The incident took only moments.
The journey through the Colorado legal process lasted years.
And then the Supreme Court took its own sweet time. Almost a year passed from the date the court was first asked to review a dispute between a gay couple and a baker who refused to make them a wedding cake and the justices’ announcement that they would do just that.
When the Supreme Court hears the case this fall, it has the potential to be a major decision worth the wait.
Scattered across the country, florists, bakers, photographers and others have claimed that being forced to offer their wedding services to same-sex couples violates their rights of religious liberty and free expression.

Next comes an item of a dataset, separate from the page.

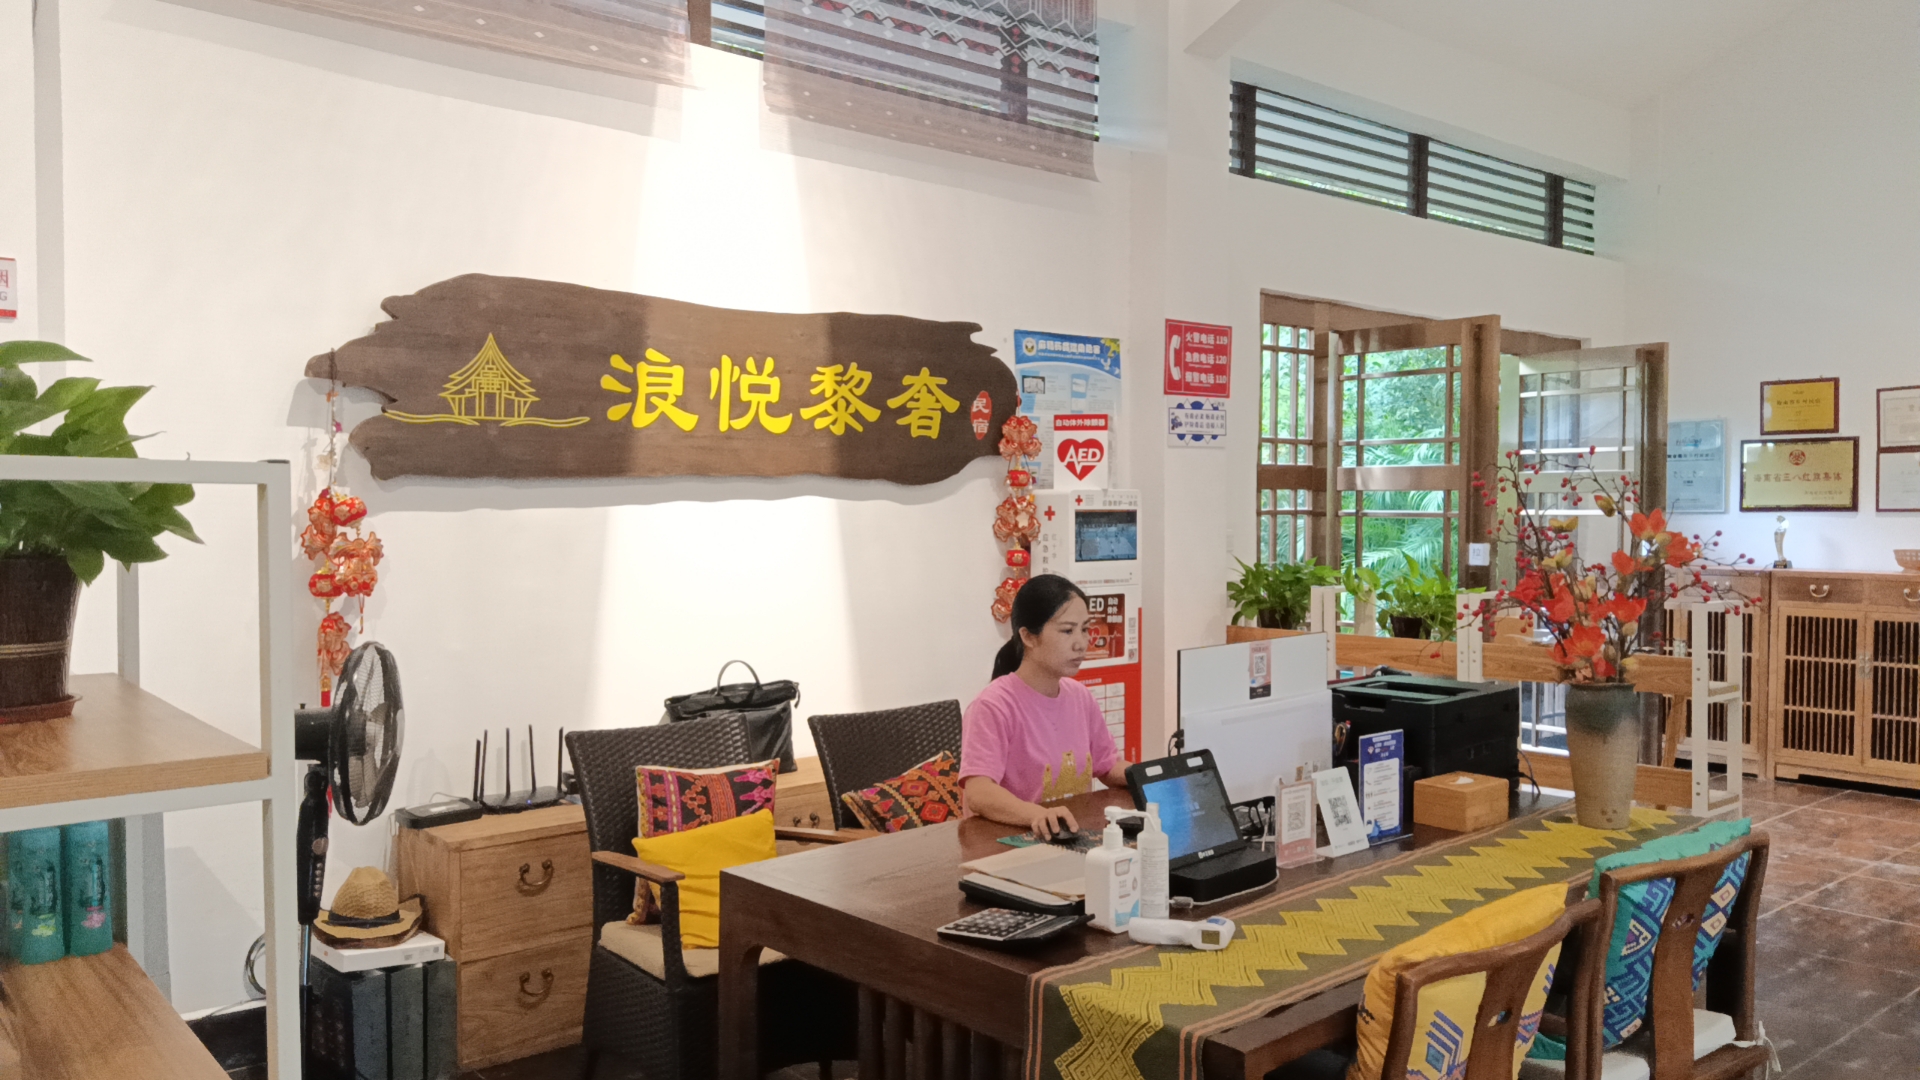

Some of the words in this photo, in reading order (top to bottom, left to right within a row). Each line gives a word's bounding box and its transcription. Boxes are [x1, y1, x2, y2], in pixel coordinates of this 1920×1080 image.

Courts have routinely turned down the business owners – as the Colorado Court of Appeals did to cake shop owner Jack C. Phillips in this case – saying that state anti-discrimination laws require businesses that are open to the public to treat all potential customers equally.
Phillips stopped making wedding cakes after the court decision, and the couple, Charlie Craig and David Mullins, are now celebrating anniversaries instead of nuptials.
When interviewed last summer, as Phillips’s lawyers were asking the Supreme Court to get involved, the three men had already lived the case for years.
“Four years is a long time for something that lasted less than two minutes,” Mullins said. “Every step of the way here in Colorado, the courts and commissions have found that Jack Phillips violated Colorado law. We’d like to end with that still being the case.”
Said Phillips, “As a creative professional and a businessman, I shouldn’t have to give up my freedom – my religion – when I open a bakery.”